At the Amsterdam workshop, we spoke about decolonial possibilities of sound epistemologies in history in the very boardroom of the Dutch East Indies company (where many economic and political decisions about colonial Indonesia were made!). Talk about reinscribing colonial history!
On tour of the Sound Technology Collection of the Netherlands Institute for Sound and Vision where we saw and listened to historical sound players, recorders, players, and recordings.
Visiting the Jaap Kunst Collection at the University of Amsterdam- Bijzondere Collecties, a part of the bigger Jaap Kunst archive that Barbara Titus curates.

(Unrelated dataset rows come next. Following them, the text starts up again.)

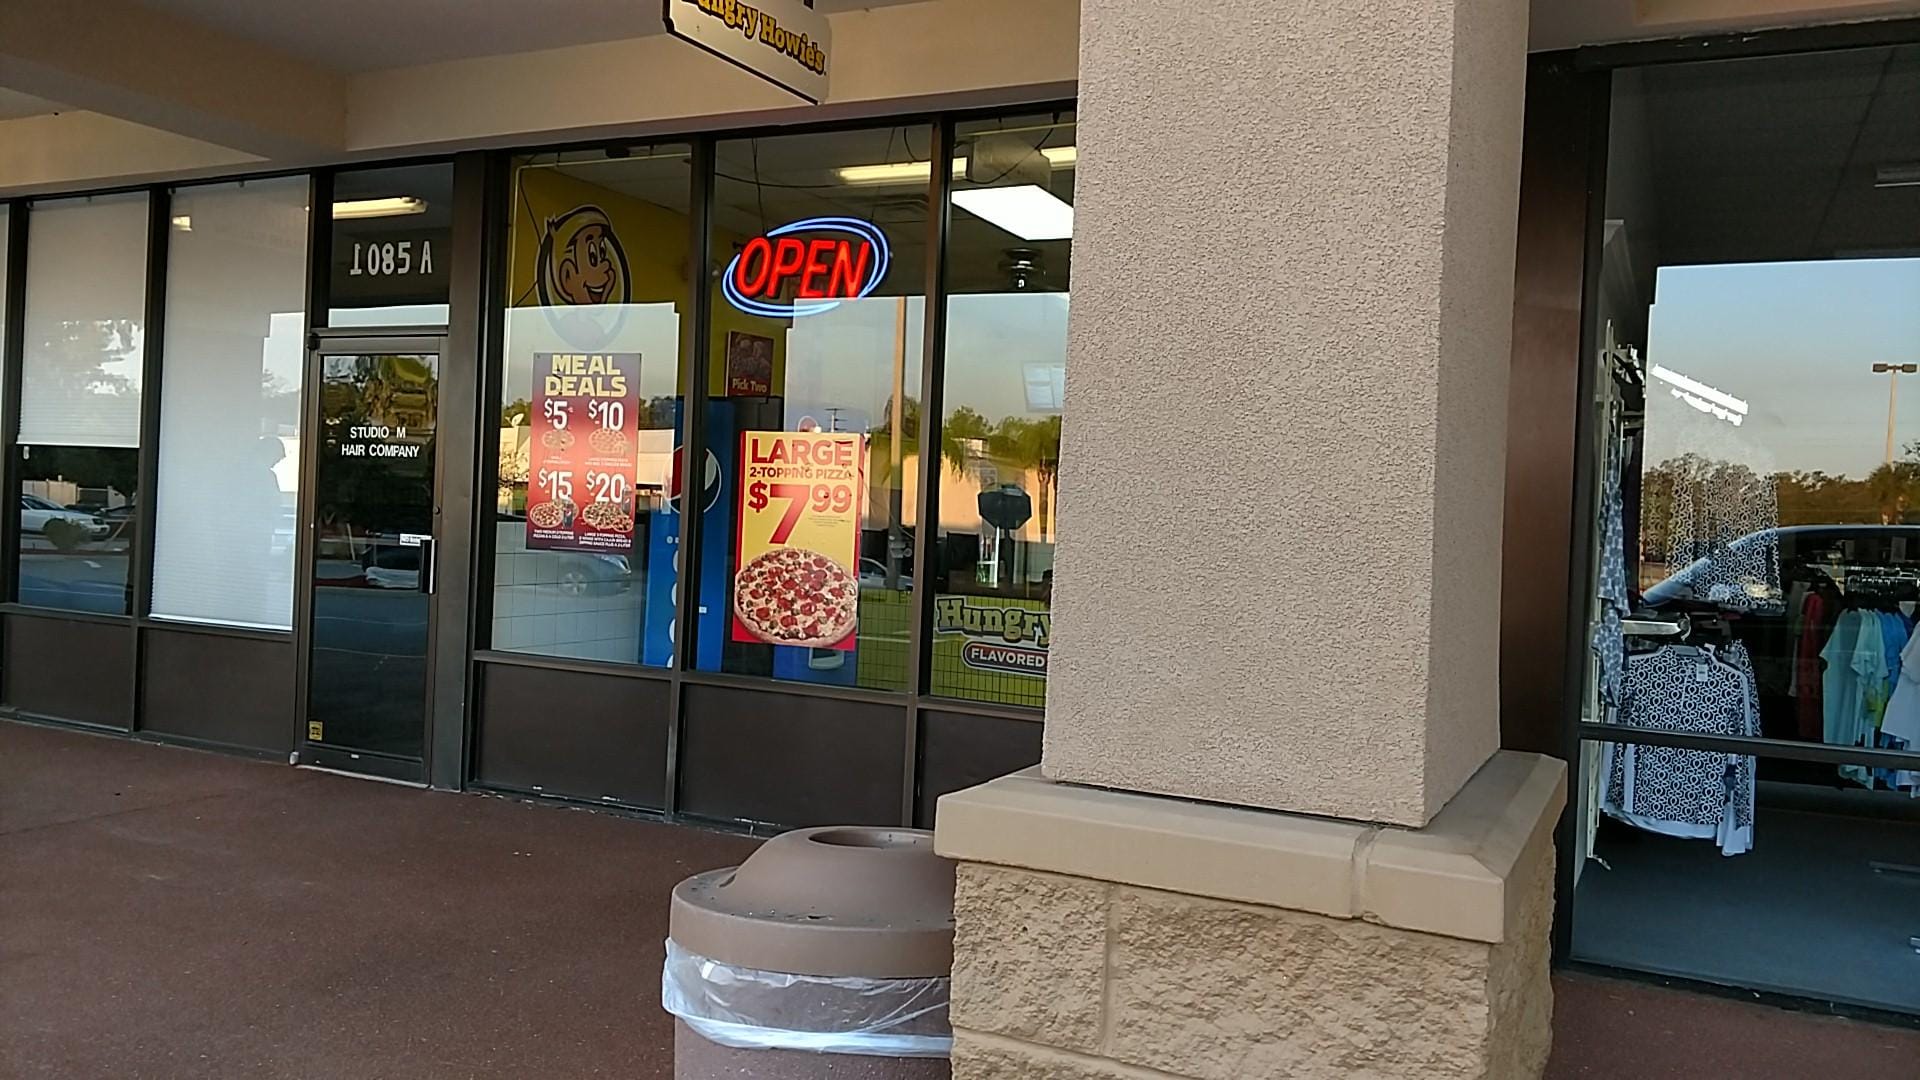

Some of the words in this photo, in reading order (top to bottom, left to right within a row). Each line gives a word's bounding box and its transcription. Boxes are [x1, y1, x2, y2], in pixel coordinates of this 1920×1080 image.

[697, 0, 758, 37] ngry
[760, 14, 826, 74] Howie's
[350, 242, 411, 275] 1085
[420, 241, 432, 274] A
[736, 236, 871, 300] OPEN
[552, 354, 620, 376] MEAL
[545, 376, 627, 398] DEALS
[732, 378, 749, 390] Pick
[751, 380, 768, 393] Two
[544, 398, 568, 430] $5
[588, 399, 624, 432] $10
[350, 426, 390, 439] STUDIO
[396, 426, 406, 439] M
[342, 443, 366, 456] HAIR
[369, 444, 420, 458] COMPANY
[752, 438, 854, 466] LARGE
[538, 467, 573, 500] $15
[586, 470, 626, 503] $20
[749, 467, 813, 479] 2-TOPPING
[816, 469, 854, 480] PIZZA
[971, 648, 1045, 667] FLAVORED

Last month, I had the privilege to have talked, collaborated, and traveled with archivists, historians, and scholars working on sound histories of Southeast Asia. The group discussed sonic understandings, materialities of sounds, and listening as a community at the Netherlands Institute for Sound and Vision and at the University of Amsterdam. Some of us travelled further to visit the different archives in Hilversum, Amsterdam, Berlin, and Vienna. We reanimated spirits in Southeast Asian voice recordings from a century ago stored in repositories around Europe. I’m very lucky to have Barbara Titus to have crazily agreed to co-convene this nine-day/four-city workshop/conference/archival tour project. We are deeply thankful to all the participants (some of whom travelled across oceans) for generously sharing their time, thoughts, and reflections to dis/entangle sonic histories.

Here we are visiting the Southeast Asian collection of the instrumentarium of the Ethnomusicology wing of the Berlin Ethnologisches Museum. We are lucky to have caught these objects before they are wrapped for the big move to the Humboldt Forum.
Here’s a group photo of the Berlin team together with Albrecht Wiedmann, director of the Berlin Phonogram Archive. 

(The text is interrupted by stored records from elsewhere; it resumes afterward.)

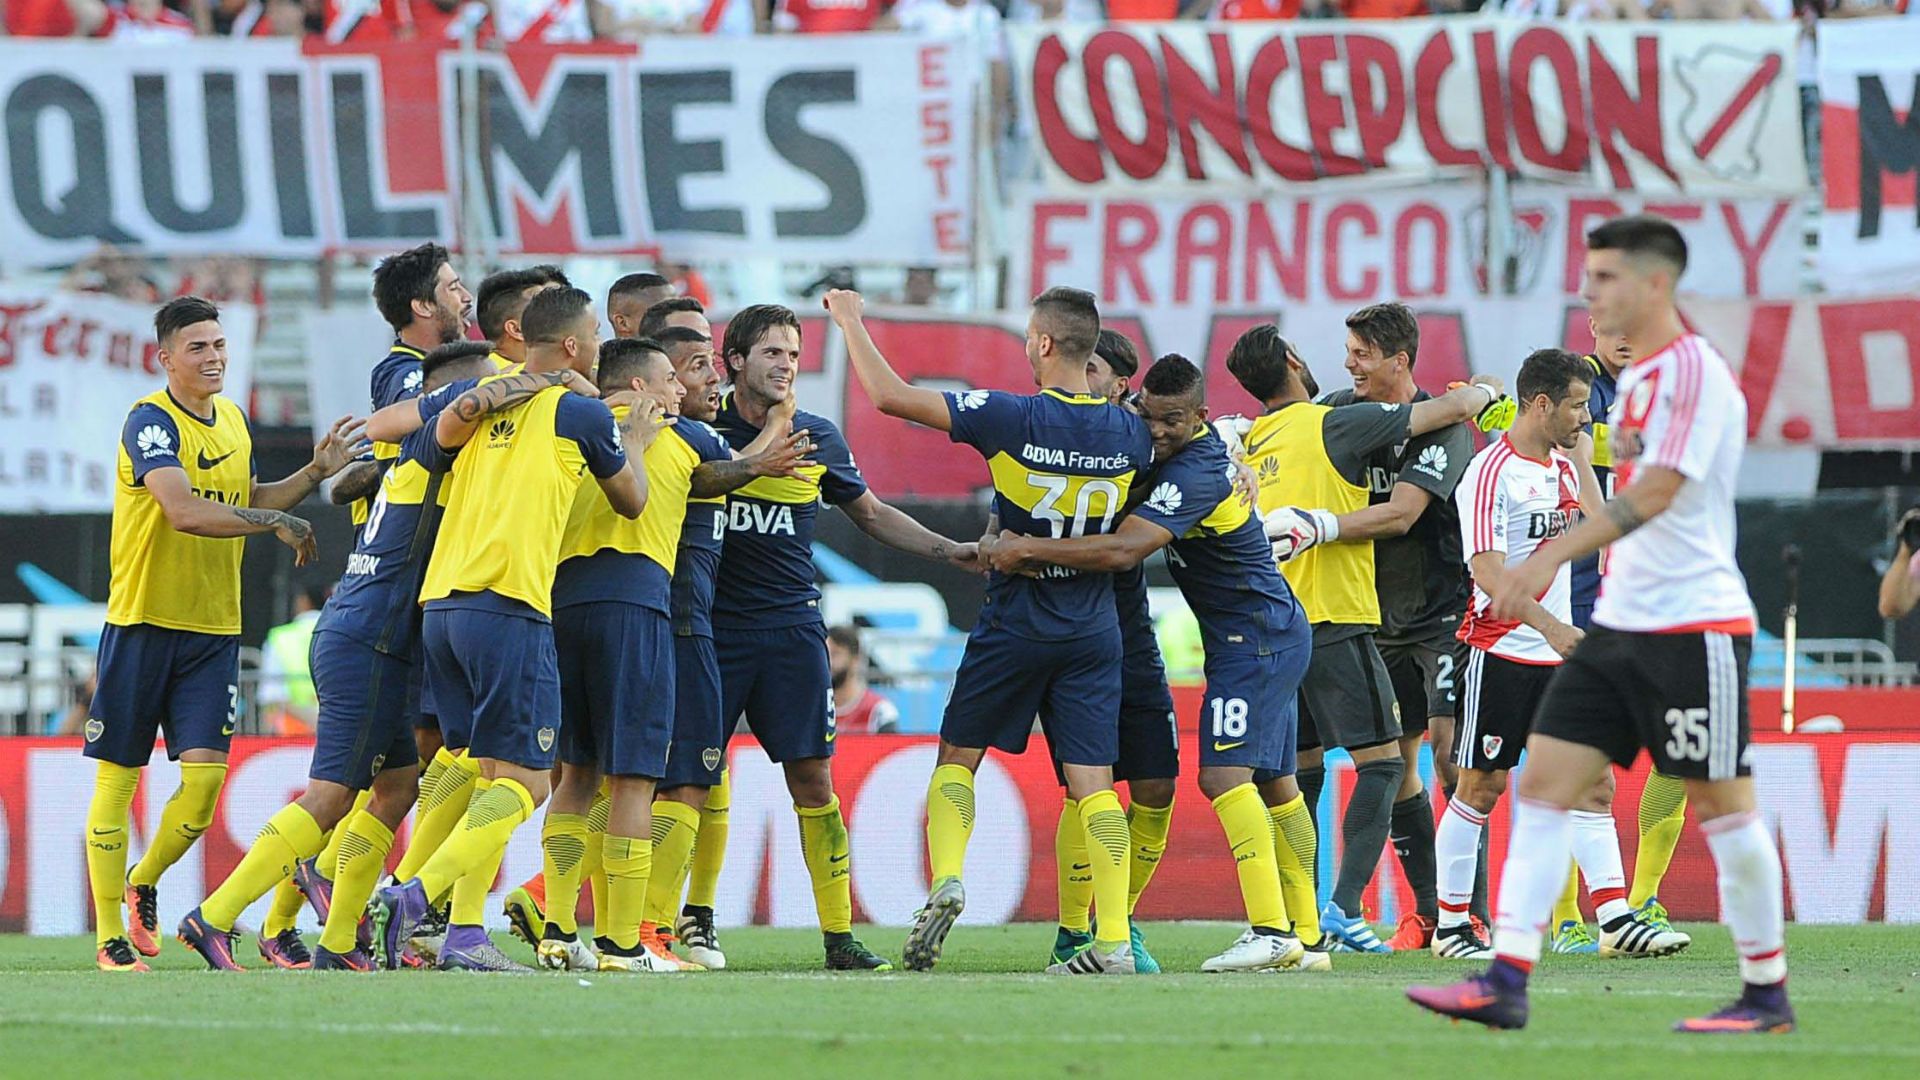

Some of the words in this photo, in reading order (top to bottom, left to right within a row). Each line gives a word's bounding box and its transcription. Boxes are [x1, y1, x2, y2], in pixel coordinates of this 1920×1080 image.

[917, 46, 966, 253] ESTE
[1033, 27, 1684, 190] CONCEPCION
[3, 69, 867, 244] QUILMES
[1030, 202, 1447, 303] FRANCO
[1565, 200, 1792, 296] RY
[1022, 443, 1066, 467] BBVA
[1068, 452, 1129, 470] Francés
[723, 501, 796, 535] BVA
[1026, 472, 1119, 540] 30
[1210, 697, 1249, 738] 18
[1664, 707, 1709, 762] 35

I’m also grateful to the different institutions who have made this event possible: The NWO-Veni Project “Sonic Entanglements”, the Nederlands Instituut voor Beeld en Geluid, the Amsterdam Centre for Globalisation Studies, the Amsterdam School for Cultural Analysis, The University of Amsterdam – Department of Music Studies, the Lautarchiv der Humboldt Universität zu Berlin, the Berlin Phonogrammarchiv, and the Phonogrammarchiv der Österreichischen Akademie der Wissenschaften.

During our Sonic Entanglements panel at the EuroSEAS Conference, we invited the participants in a round table format and we placed the materiality of sound at the center of our discussion. Overlooking our room is the iconic Berlin TV tower, and Berlin cathedral.
The Sonic Entanglements team at the EuroSEAS Conference at Humboldt University of Berlin. 

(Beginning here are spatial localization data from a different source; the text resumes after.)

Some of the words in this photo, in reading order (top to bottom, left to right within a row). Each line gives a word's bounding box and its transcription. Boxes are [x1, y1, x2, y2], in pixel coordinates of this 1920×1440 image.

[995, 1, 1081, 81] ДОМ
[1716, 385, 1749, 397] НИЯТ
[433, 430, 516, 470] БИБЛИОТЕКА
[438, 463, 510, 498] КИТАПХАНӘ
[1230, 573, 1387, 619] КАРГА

We are excited about our plans to have some of our workshop papers published, and we are thinking about aural ways of sharing our conversations and journeys. We also plan to get together again next summer. We will keep you posted about these upcoming news. You can read more about our workshops and tour at http://sonic-entanglements.com/workshops2019

The gang cramped together in the sound studio of the Vienna Phonogram Archive observing the institute’s technical director, Nadja Wallaskovits performing a sound digitization process.
In the last destination of our tour at the Phonogram Archive of the Austrian Academy of Sciences in Vienna, together with the newly appointed director Kerstin Klenke and archivist Gerda Lechleitner.